As we rounded the downstream markers and ascended upstream the wind was beginning to lighten some and become even more fluky. Although Maniac was pulling away from the trailing fleet, Opus Dei was pulling away from the trailing Maniac. Meanwhile the master plan on Hasta La Vista had been working to perfection and with the benefit of a lift or two, the San Juan soon pulled ahead of Carol Lynn. Keeping this thought in mind, have I mentioned in this write up that the lake was down to about the lowest pool level we have ever witnessed? We already know of Athena's earlier misfortune. On the return trip Maniac admitted to bumping - gee, that's TWO mishaps in one race for them! Meanwhile Chuck and Edge had eased into a void on Smoke on the Water and about 5 minutes passed before they realized that Smoke's progress had not been stopped from lack of wind, but rather a grounding of the soft and quiet variety. And the fact that I was experiencing a stream of success and luck on Hasta La Vista, what ensued was inevitable.

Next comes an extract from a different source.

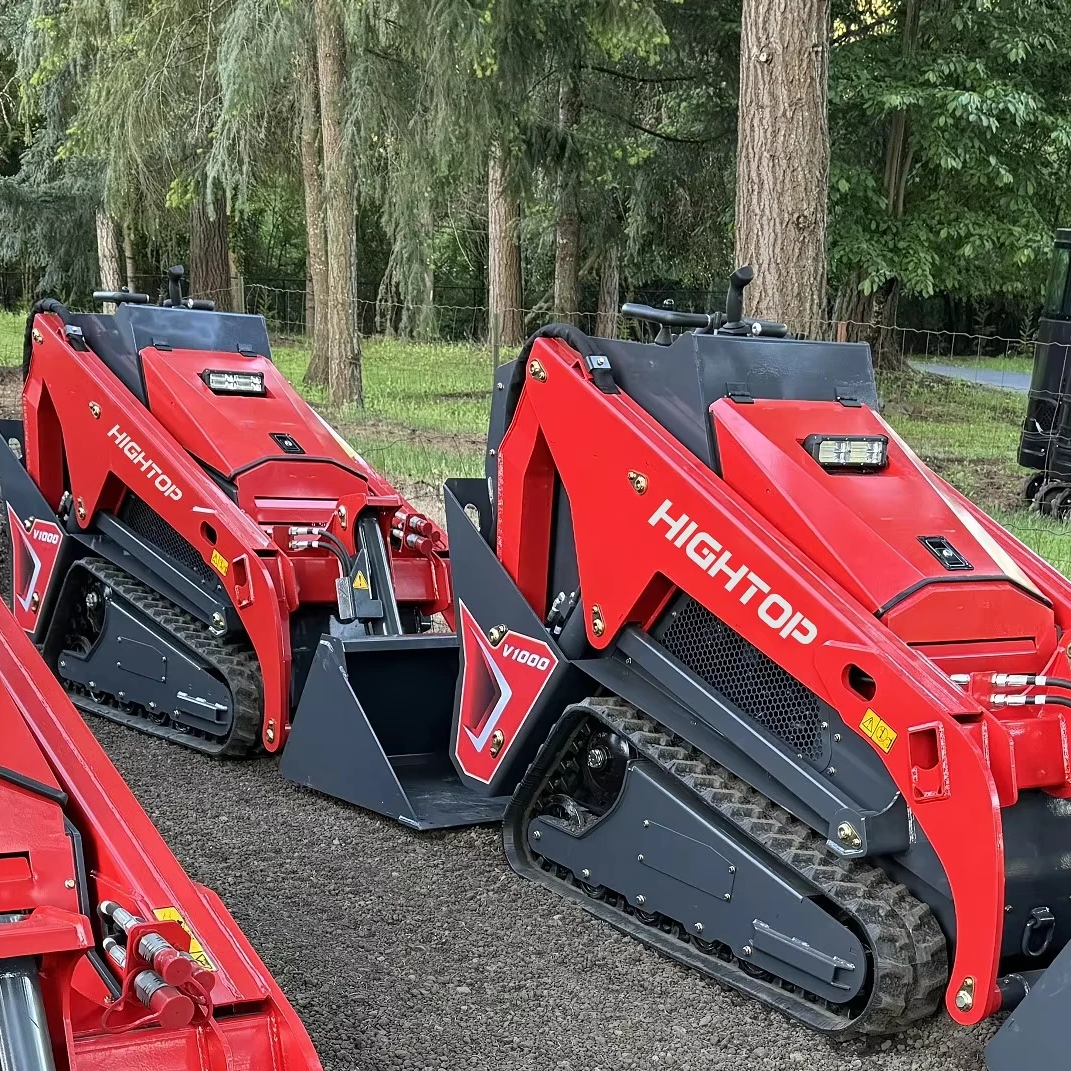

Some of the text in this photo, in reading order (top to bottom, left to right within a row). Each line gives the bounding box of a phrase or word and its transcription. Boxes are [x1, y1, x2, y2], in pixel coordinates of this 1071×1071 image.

"No NO NO NO!" was the first utterance. Then came some more elaborate words. This was NOT part of what had been drawn up in the race schematic! Everything that had been going so right up to this point had come to a dead halt. It was another one of those cases where the shoal seemed to reach beyond its boundaries and grab an innocent boat. James made sure to preserve the moment in pictures as Carol Lynn glided by (I would have done the same!) And I don't care how close it looks like I am to shore in the picture - blame it on one of those weird illusion things based on the camera angle. Like all groundings, it seemed an eternity but in reality was only a few minutes. Trying to catch my breath as Hasta La Vista was beginning to regenerate, I saw Beatnik and True Blue fast approaching heard yet another "Starboard!" reminder shouted from the cockpit of Beatnik. To this very day I am AMAZED that no one in this fleet has decided to take their comedy act on tour!
By this time Opus Dei and Maniac, having long since finished, were probably already prepping for the next race and just waiting for the race committee to provide them with the course map. Another outstanding performance by Chris and the Opus Dei crew gave the Olson their 5th straight victory. In the meantime, Carol Lynn, Beatnik, True Blue, and Hasta La Vista had formed a nice grouping approaching the finish line. Beatnik and Carol Lynn would cross the finish line first respectively, and True Blue followed Hasta La Vista by just 4 seconds. But naturally, for this length of course, everyone had to give Hasta La Vista like about a week's worth of handicap time resulting in a 3rd place finish for me and the San Juan. Carol Lynn would also correct out in front of Beatnik while Shawn (who continues to do an excellent job of single handing the Ranger 33) would finish where he actually placed in the race.
A little further back, Smoke, Dutchess, and Moriah were dealing with the diminishing winds. David on Moriah would wave the white flag but Smoke and Dutchess grunted out the lighter air to the finish line. Nice job by all!
Normally we would be winding things up by this point and congratulate everyone on yet another fun sailing season. Not to mention being thankful that it was over and warmer weather would soon be greeting us. But don't forget, the return of Race 5 - it must be sailed! Therefore there is still a chance for us to catch Maniac and now Opus Dei, the latter having a firm grip on 2nd place overall. See everyone at the next race!*
*Of course most will realize that this race report, although written in a present tense, was not written in a timely fashion. The "next race" has actually already occurred, as has the next race after that. The REAL next race is... well, it is all kind of confusing now, but regardless, we will see you then! Peace out!